ぶつぶつと愚痴を零すアリスの頭をフィンとクレイが優しく撫でて慰める。
撫でる度、徐々に荒んだ心が癒されていく。
そうして、夕食までの時間アリスは、思う存分兄二人に甘えた。
その日の夕食は、昨日以上に残念なものだった。
シチューに水を加え、具材を足したまでは良い。
だが、味付けが薄すぎる。
こんなものをお客に、出しちゃいけないよ。
そう思ったアリスは、じーっとグレイスを見つめ意を決して話しかけた。
「あの、グレイスしゃん」
噛んだ! と理解した途端、アリスの可愛らしい顔が売れたリンゴのように真っ赤に染まる。
だが、お酒の入ったグレイスはアリスが噛んだことに気付かず「おう、どうした?」と返す。

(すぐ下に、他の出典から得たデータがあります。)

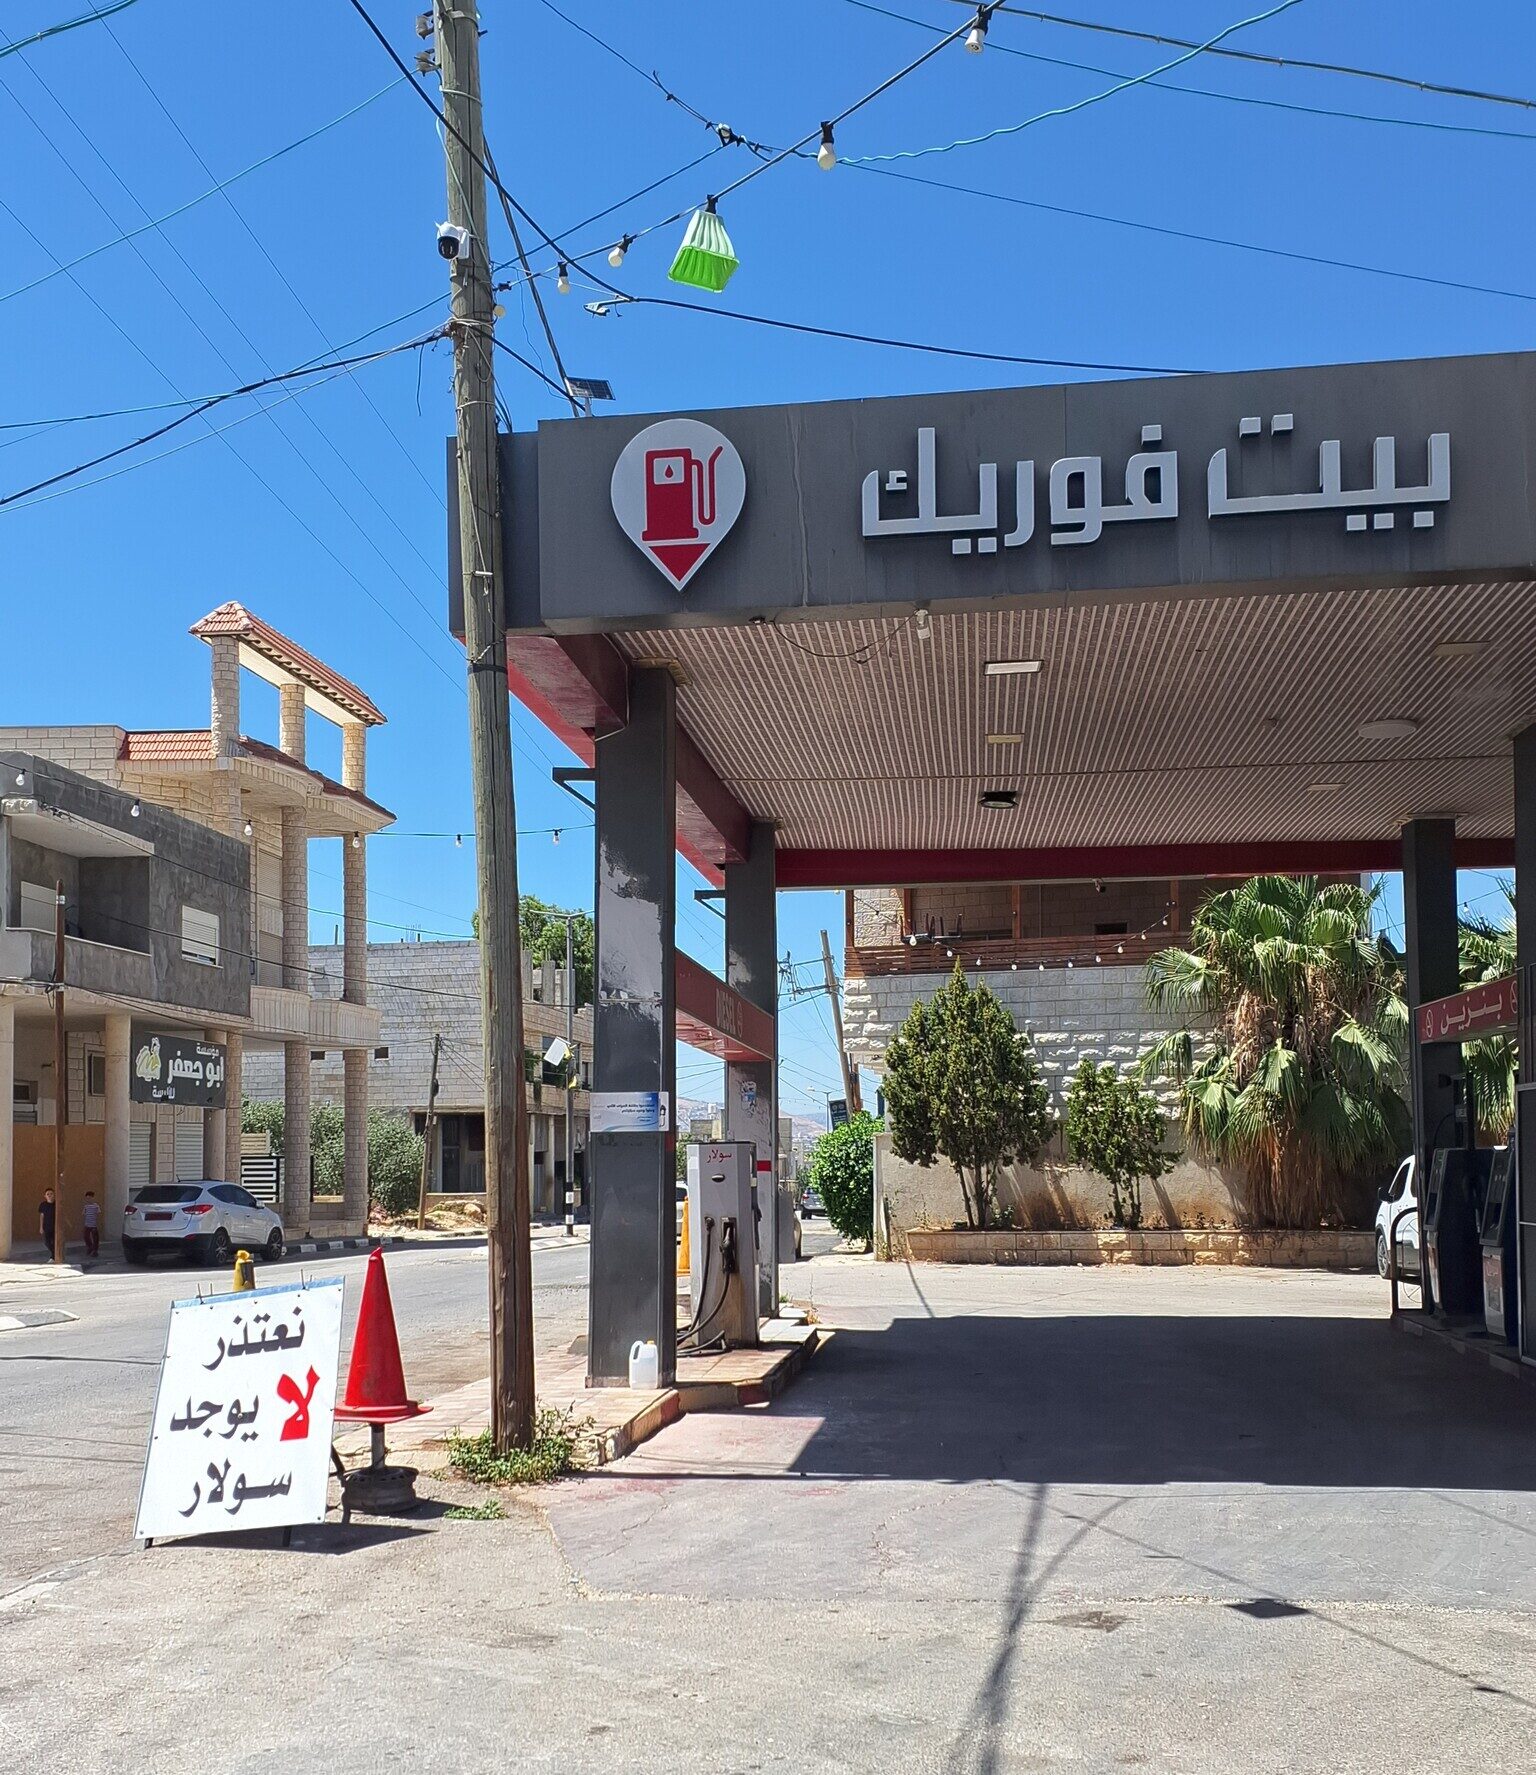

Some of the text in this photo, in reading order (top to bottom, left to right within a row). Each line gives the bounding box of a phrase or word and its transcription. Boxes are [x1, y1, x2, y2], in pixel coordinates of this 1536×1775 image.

気にされていない事に気付いたアリスは気を取り直して、食事の味付けについて話を切り出した。
「あの、これ……美味しくないです」
「……え?」
アリスの小さな指がほぼ味のしないスープを示す。
「せめて、完成したら一度味見した方がいいです。それに、サラダも……そのまま食べるぐらいなら美味しく食べるためのソースを入れた方がいいです。後、パンですけど……子供には硬すぎて食べにくいです。これじゃ、お客さん減っちゃう」
失礼なことは重々承知でアリスは、ダメだしする。
ジェイクの友人であるグレイスのために、アリスなりに一生懸命考えて訴えた。
眉間にしわを寄せたグレイスがアリスをジッと見つめる。
そんなグレイスの肩を叩き、ジェイクがあるものを手渡した。
「なんだこれは?」
「アリスが作ったクレープだ。まぁ、食べてみればいい」
そう告げるとジェイクは、思わせぶりな笑顔を浮かべた。
オズオズと言った様子でグレイスは、クレープを包んだ紙を剥いでいく。
そして、ぱくっと一口食べ咀嚼した。